▶ [Exercise data]:
________________________________________
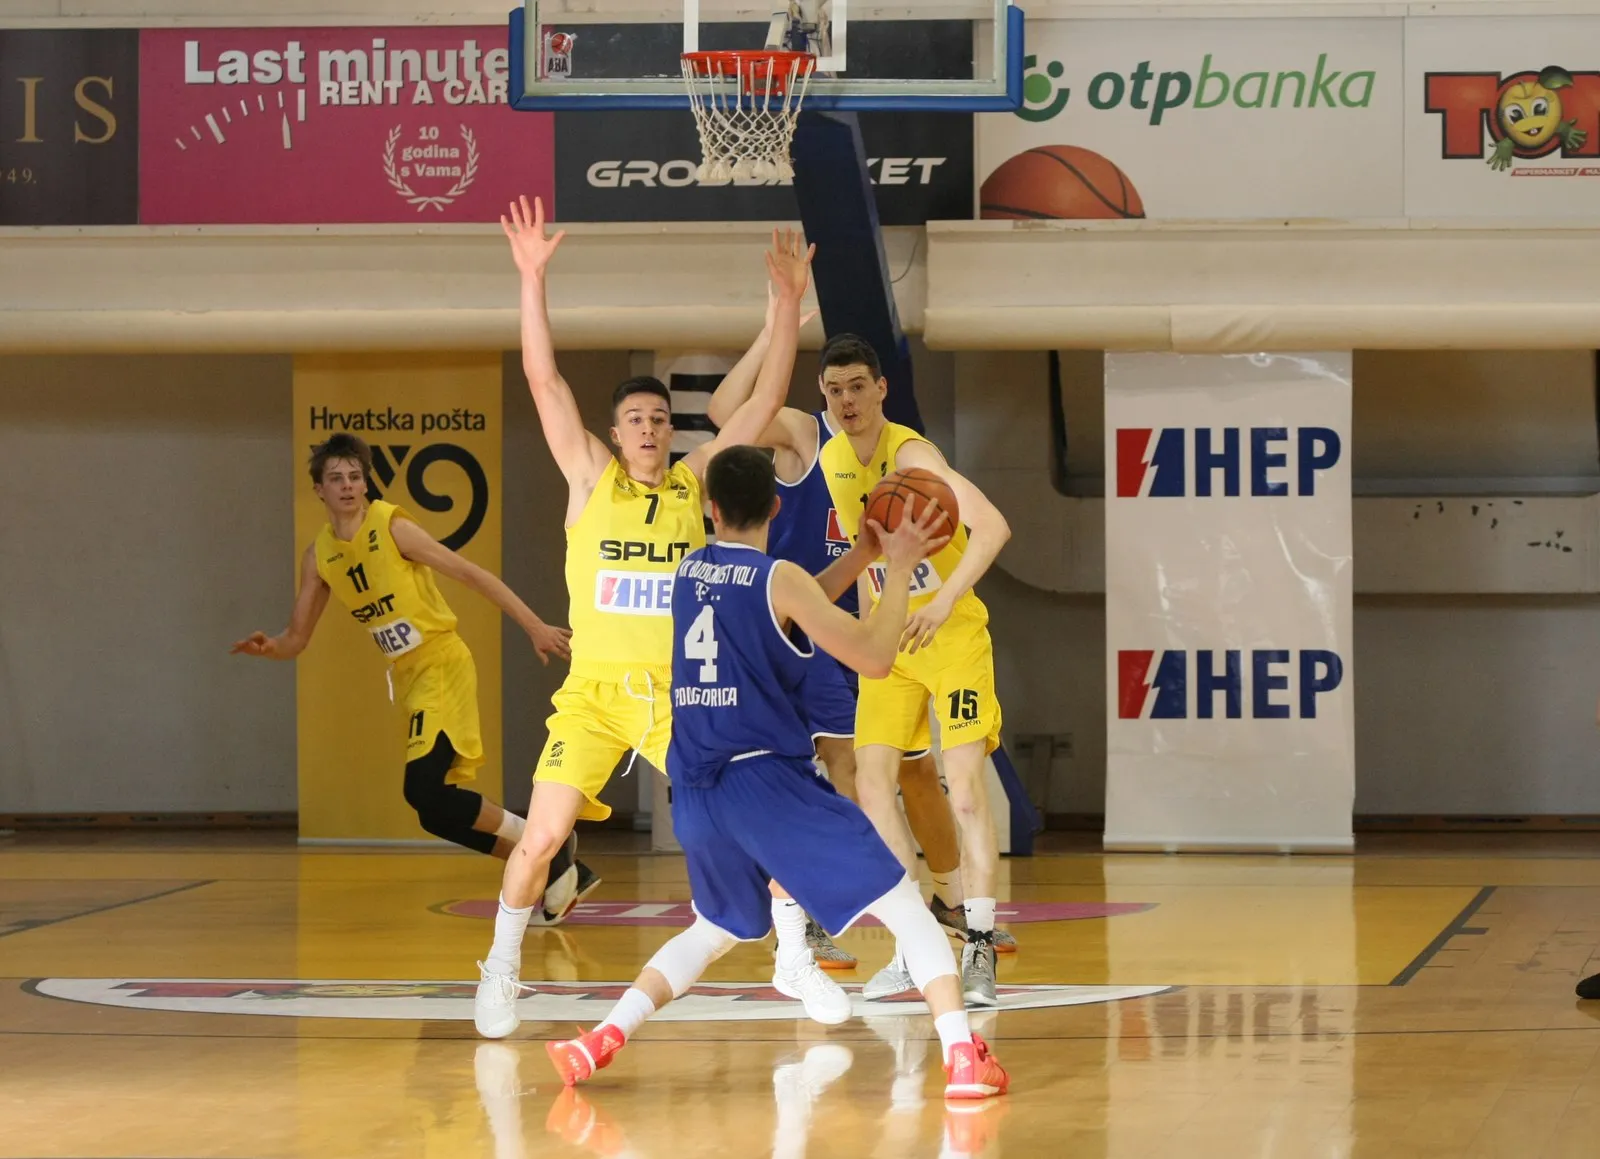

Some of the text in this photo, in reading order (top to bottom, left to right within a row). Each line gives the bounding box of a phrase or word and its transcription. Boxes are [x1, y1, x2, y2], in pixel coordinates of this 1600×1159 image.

[185, 38, 509, 84] Last minute
[320, 80, 508, 105] RENT A CAR
[1088, 53, 1376, 125] otpbanka
[419, 126, 439, 140] 10
[402, 145, 460, 161] godina
[0, 168, 37, 184] 49.
[401, 163, 461, 177] s Vama
[310, 406, 486, 435] Hrvatska pošta
[1195, 427, 1341, 497] HEP
[645, 494, 659, 524] 7
[600, 540, 690, 563] SPLIT
[825, 543, 850, 557] Tea
[346, 563, 370, 594] 11
[633, 578, 671, 609] HE
[351, 594, 395, 623] SPLIT
[684, 605, 718, 683] 4
[1197, 650, 1344, 719] HEP
[948, 689, 978, 720] 15
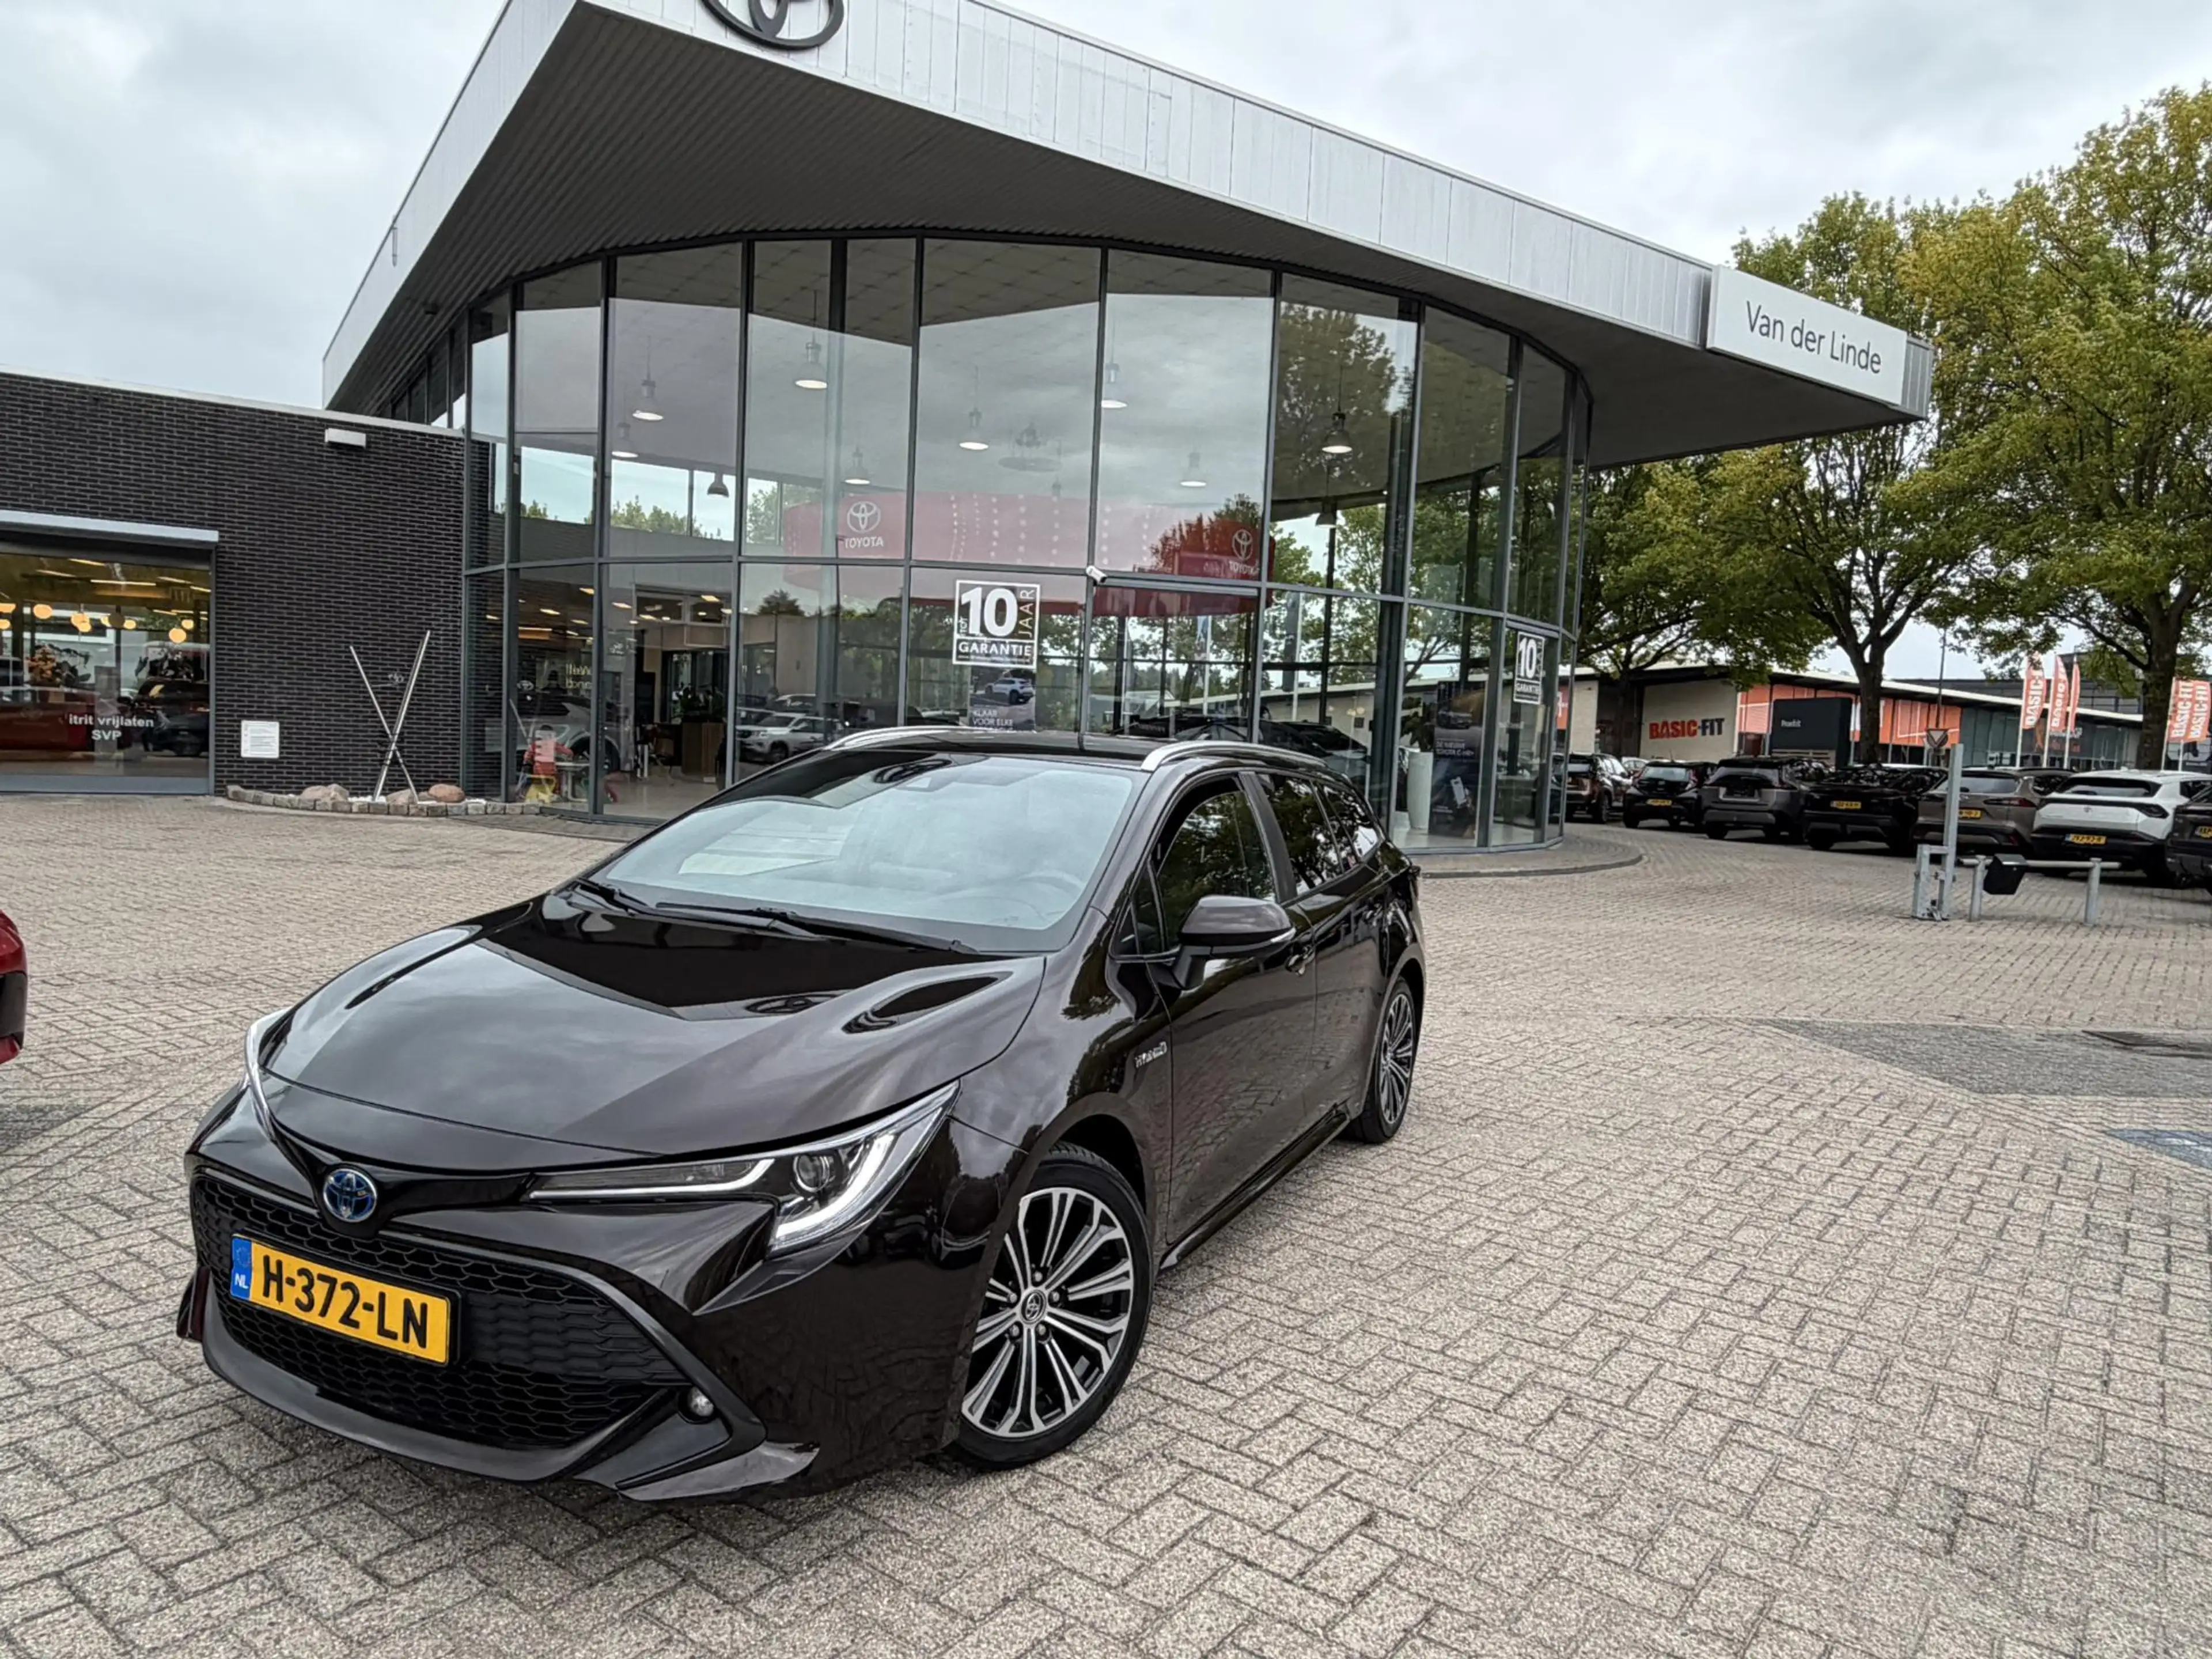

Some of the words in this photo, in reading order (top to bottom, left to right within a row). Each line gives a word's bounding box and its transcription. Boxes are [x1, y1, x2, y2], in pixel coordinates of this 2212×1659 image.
________________________________________
▶ [Task instructions]: Give back all the data exactly, minus pictures.

▶ [Solution]:
Some of the text in this photo, in reading order (top to bottom, left to right within a row). Each line gives the bounding box of a phrase or word and its transcription. Boxes are [x1, y1, x2, y2], in pixel coordinates of this 1600×1159 image.

[185, 38, 509, 84] Last minute
[320, 80, 508, 105] RENT A CAR
[1088, 53, 1376, 125] otpbanka
[419, 126, 439, 140] 10
[402, 145, 460, 161] godina
[0, 168, 37, 184] 49.
[401, 163, 461, 177] s Vama
[310, 406, 486, 435] Hrvatska pošta
[1195, 427, 1341, 497] HEP
[645, 494, 659, 524] 7
[600, 540, 690, 563] SPLIT
[825, 543, 850, 557] Tea
[346, 563, 370, 594] 11
[633, 578, 671, 609] HE
[351, 594, 395, 623] SPLIT
[684, 605, 718, 683] 4
[1197, 650, 1344, 719] HEP
[948, 689, 978, 720] 15

Some of the words in this photo, in reading order (top to bottom, left to right within a row). Each line gives a word's bounding box and its transcription. Boxes are [x1, y1, x2, y2], in pixel coordinates of this 2212×1659 image.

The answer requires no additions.